_PROBLEM REQUIREMENTS_
Leaving out the images, please output every entry exactly as it appears.

Records from a data source:
━━━

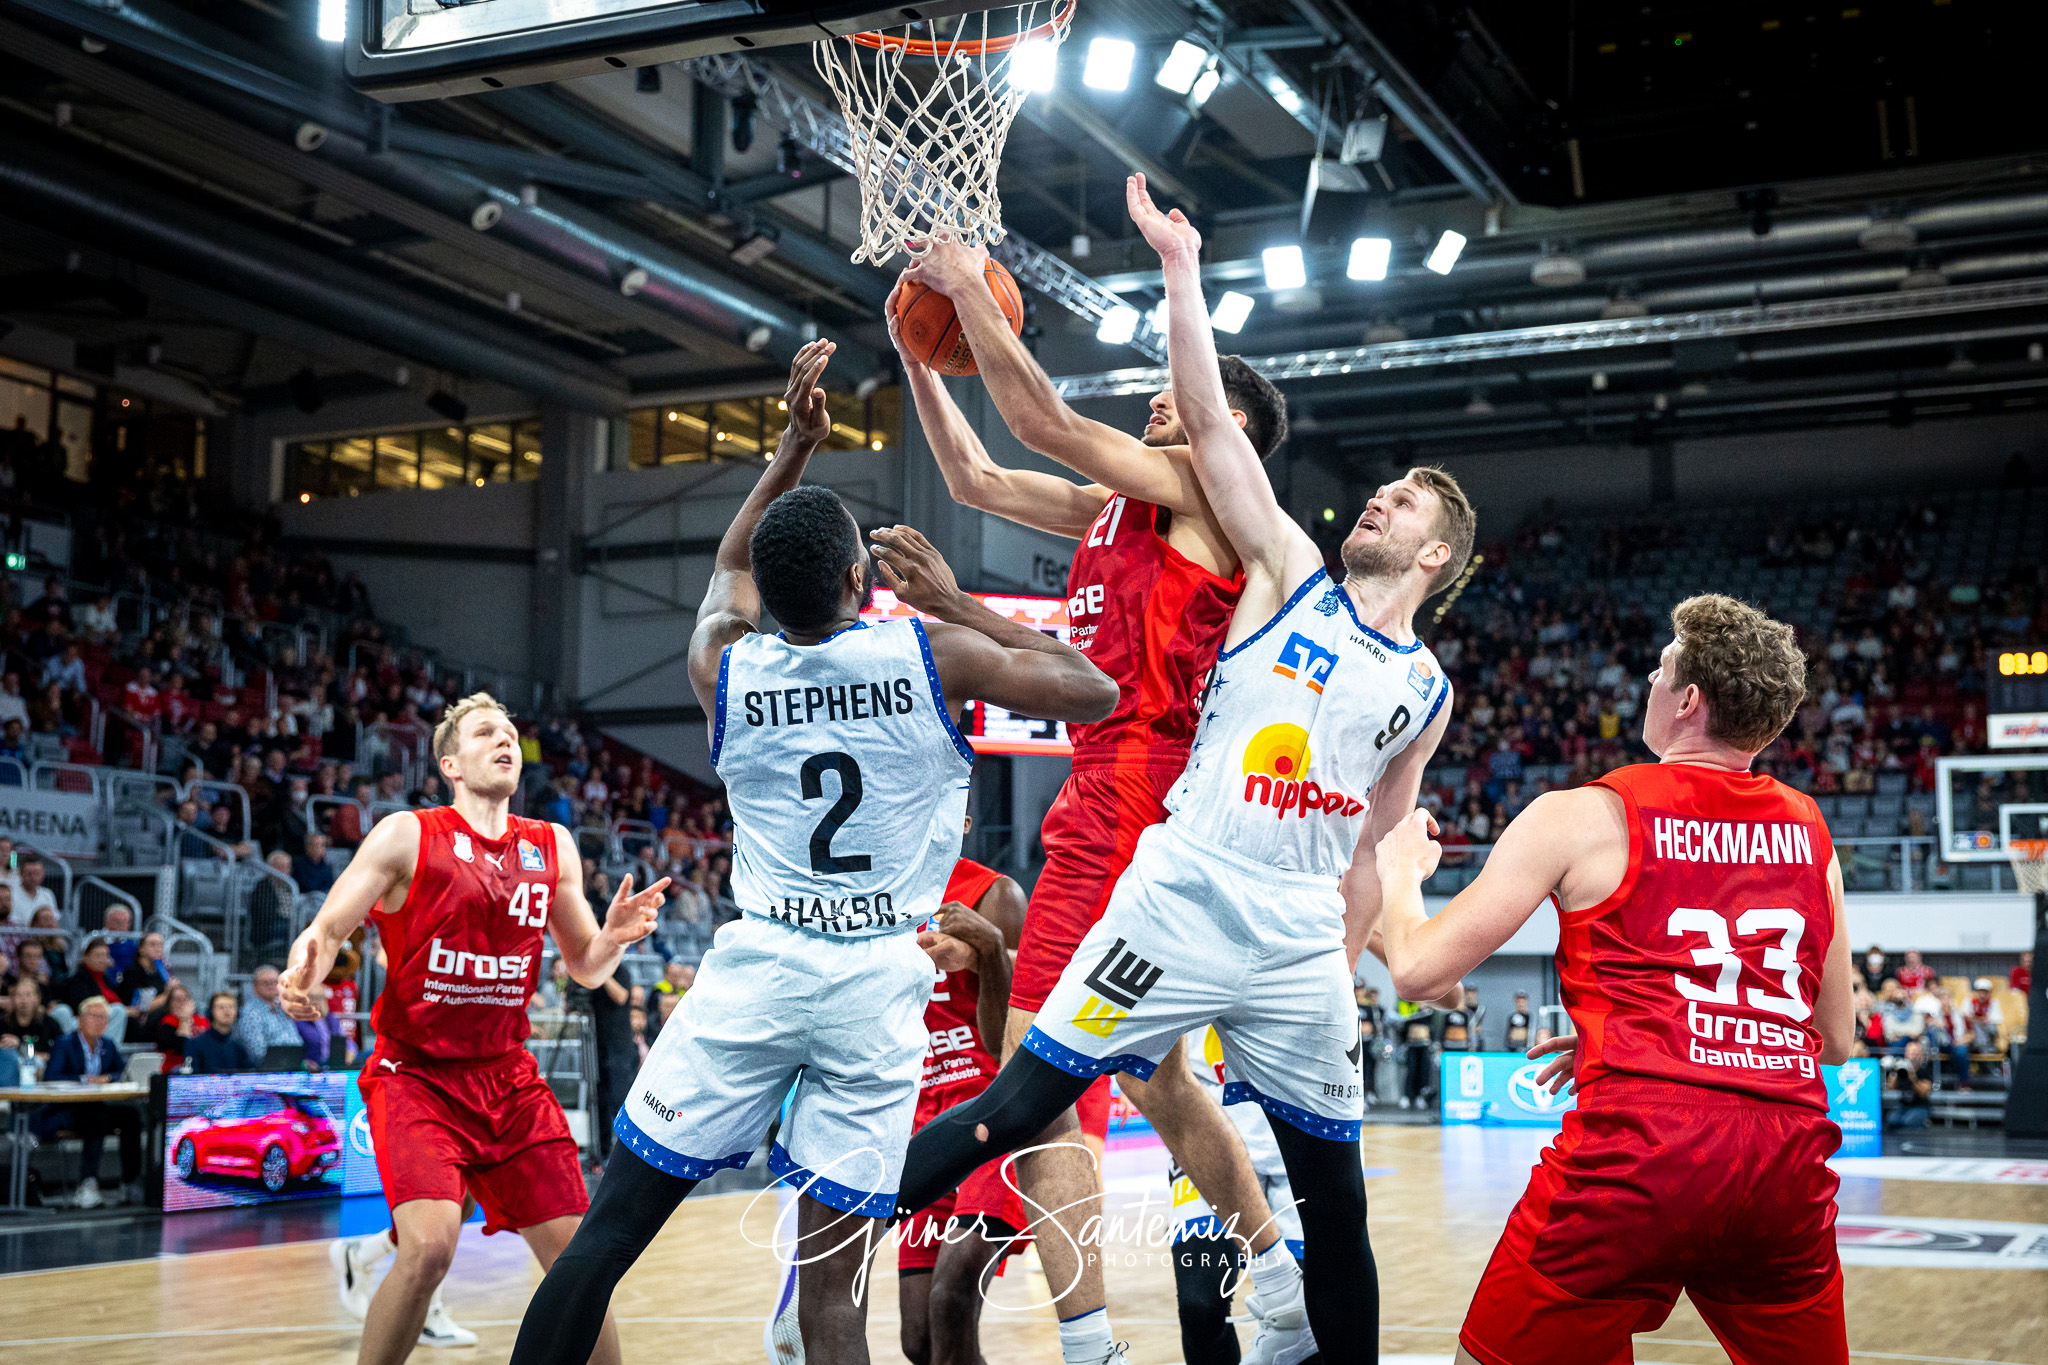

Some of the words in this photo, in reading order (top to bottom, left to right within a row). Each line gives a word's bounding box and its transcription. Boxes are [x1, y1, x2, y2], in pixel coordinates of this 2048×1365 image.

[1087, 496, 1127, 548] 21
[1350, 634, 1387, 664] HAKRO
[744, 678, 913, 727] STEPHENS
[1374, 704, 1411, 751] 9
[0, 807, 88, 839] ARENA
[800, 751, 872, 877] 2
[1654, 816, 1813, 865] HECKMANN
[508, 881, 550, 928] 43
[428, 937, 532, 980] brose
[1667, 907, 1812, 1023] 33
[422, 991, 442, 1003] der
[1688, 1000, 1807, 1052] brose
[1689, 1037, 1816, 1079] bamberg
[643, 1090, 676, 1122] HAKRO
[1323, 1083, 1344, 1098] DER

━━━

_RESPONSE TO THIS EXERCISE_
Some of the words in this photo, in reading order (top to bottom, left to right within a row). Each line gives a word's bounding box and its transcription. Boxes are [x1, y1, x2, y2], in pixel coordinates of this 2048×1365 image.

[1087, 496, 1127, 548] 21
[1350, 634, 1387, 664] HAKRO
[744, 678, 913, 727] STEPHENS
[1374, 704, 1411, 751] 9
[0, 807, 88, 839] ARENA
[800, 751, 872, 877] 2
[1654, 816, 1813, 865] HECKMANN
[508, 881, 550, 928] 43
[428, 937, 532, 980] brose
[1667, 907, 1812, 1023] 33
[422, 991, 442, 1003] der
[1688, 1000, 1807, 1052] brose
[1689, 1037, 1816, 1079] bamberg
[643, 1090, 676, 1122] HAKRO
[1323, 1083, 1344, 1098] DER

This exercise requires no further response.